We examined the phenotype of strong fry alleles in mitotic clones in adult wings (Fig. 4, see also Fig. 9). Even small clones induced in all regions of the wing showed a strong phenotype, indicating that fry needs to function in all wing cells. Most fry cells formed a cluster of hairs and we could see examples of hairs that were split distally. On average, the fry clone cells produced 5.7 hairs per cell (a branched hair with two distal ends was counted as two hairs in these experiments), although the cellular phenotype was quite variable and some cells formed more than a dozen hairs. The fry hairs were often almost orthogonal to the wing surface, appearing as dots in the light microscope. A similar phenotype was seen in pharate adults that were homozygous or hemizygous for the fry⁶ allele (Fig. 4C,D). Weaker versions of this phenotype were seen on the wings of fry⁷/fry^x (where x is any of the EMS alleles) flies. Based on the phenotype seen in clones, it appeared quite likely that fry acted cell autonomously, but to test this in a rigorous way we induced clones marked by the loss of the N-Myc epitope tag and examined these in pupal wings that were also stained to show the actin cytoskeleton. In all cases, only clone cells showed a mutant phenotype confirming that fry acted cell autonomously in all regions of the wing (Fig. 4B). We also examined the wings of fry⁶ homozygous flies and found that late in hair development (>36 hours after white pupae) the phenotype resembled that seen in adult wings (Fig. 4D). At earlier times (e.g. 33 hours after white pupae) the phenotype seemed somewhat weaker, suggesting that the hair splitting occurred progressively throughout hair morphogenesis. This is similar to what we had seen previously in trc (Geng et al., 2000). Compelling evidence for the phenotype getting more severe as development proceeded was obtained for arista laterals, as described in some depth below. It is worth noting that fry hairs stained as strongly for F-actin, as did wild-type hairs.

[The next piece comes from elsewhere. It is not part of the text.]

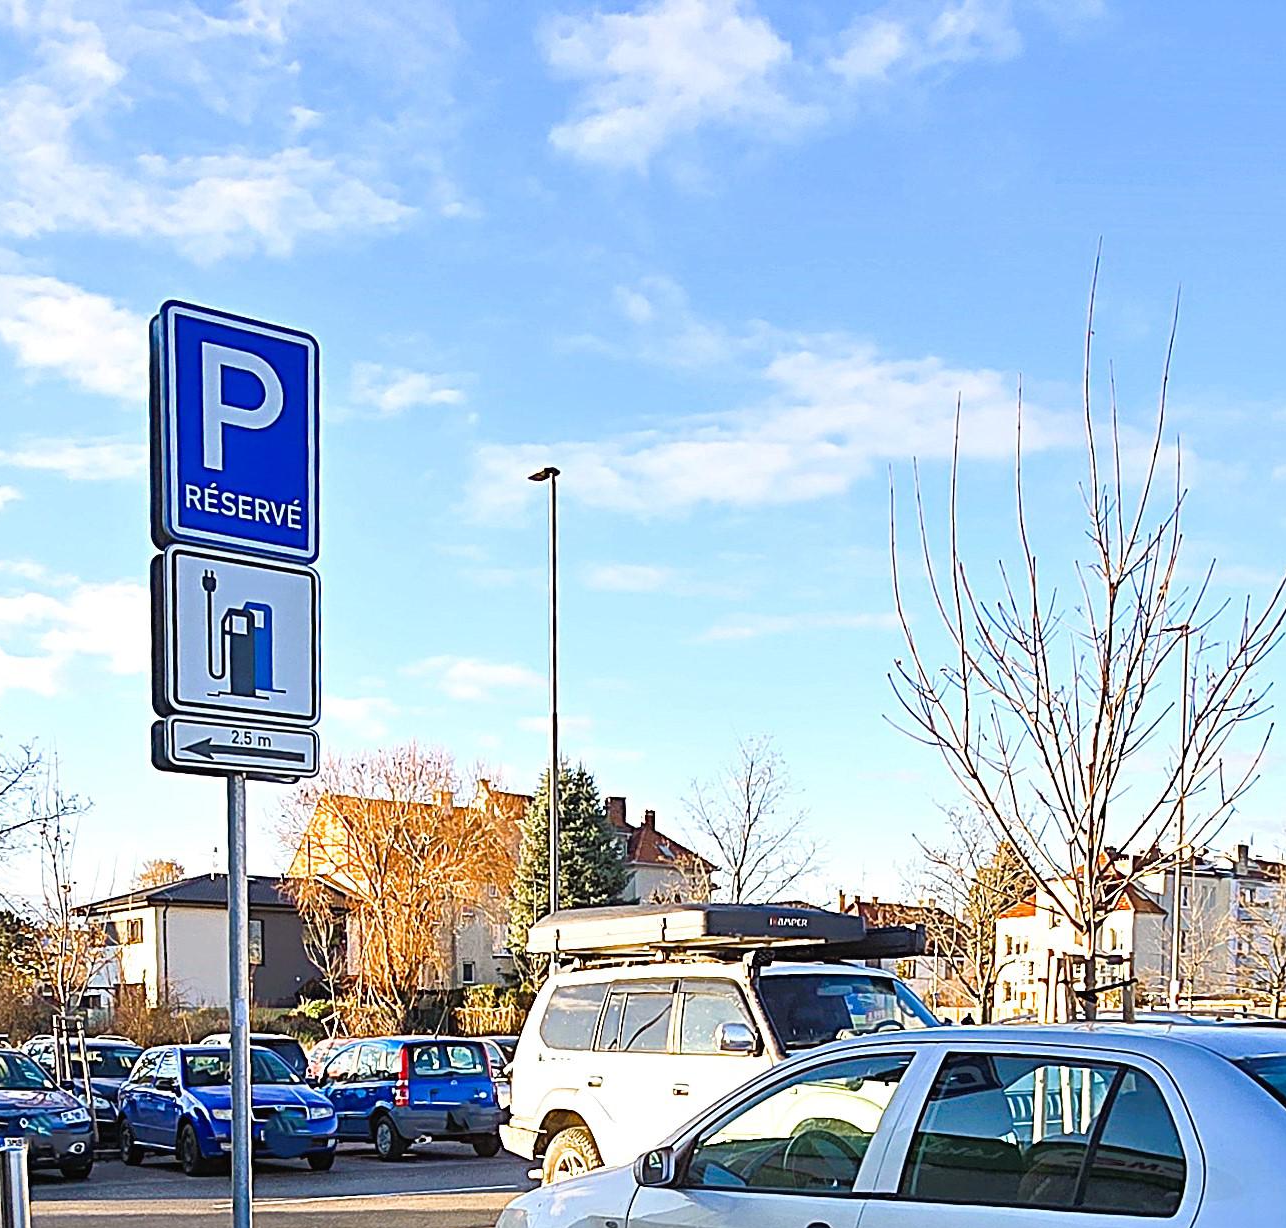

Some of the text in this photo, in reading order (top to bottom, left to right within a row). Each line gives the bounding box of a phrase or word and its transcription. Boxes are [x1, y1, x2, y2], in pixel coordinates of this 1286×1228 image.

We primarily examined the fry bristle phenotype in pharate adults of strong hypomorphic genotypes that contained fry⁶. A wide range of bristle phenotypes was seen (Fig. 5). In all body regions, some bristles were indistinguishable from wild type (Fig. 5A). In the abdomen, legs, notum and triple row on the wing, the most common phenotype was the presence of one or a few locations where the bristle was branched (Fig. 5A,C). Such bristles were relatively normal in shape and length except for the branching. In some cases, several branches were seen at the same proximal/distal location along the shaft. Bristles with extensive splitting were occasionally seen and these were often shorter than normal. There were also some bristles that were bent, distorted and shorter than normal without being extensively split (Fig. 5B). This was common only on the head. We examined developing bristles in fry pupae, where we stained the actin cytoskeleton. The phenotypes seen overlapped those seen in fry adult bristles. The large bundles of actin filaments seen in wild-type bristles were present in fry bristles, but some abnormalities were seen. In some bristles, the bundles appeared to become disorganized distally, so that there was no longer a series of parallel bundles (Fig. 5E). This is similar to the phenotype that is induced by treating cultured thoraces with the broad-spectrum kinase inhibitor stauroporine (Tilney et al., 2000a). In some cases we found pupal bristles where the shaft was clearly split (Fig. 5D). In these bristles, most bundles of actin filaments were continuous both proximally and distally from the branch-point.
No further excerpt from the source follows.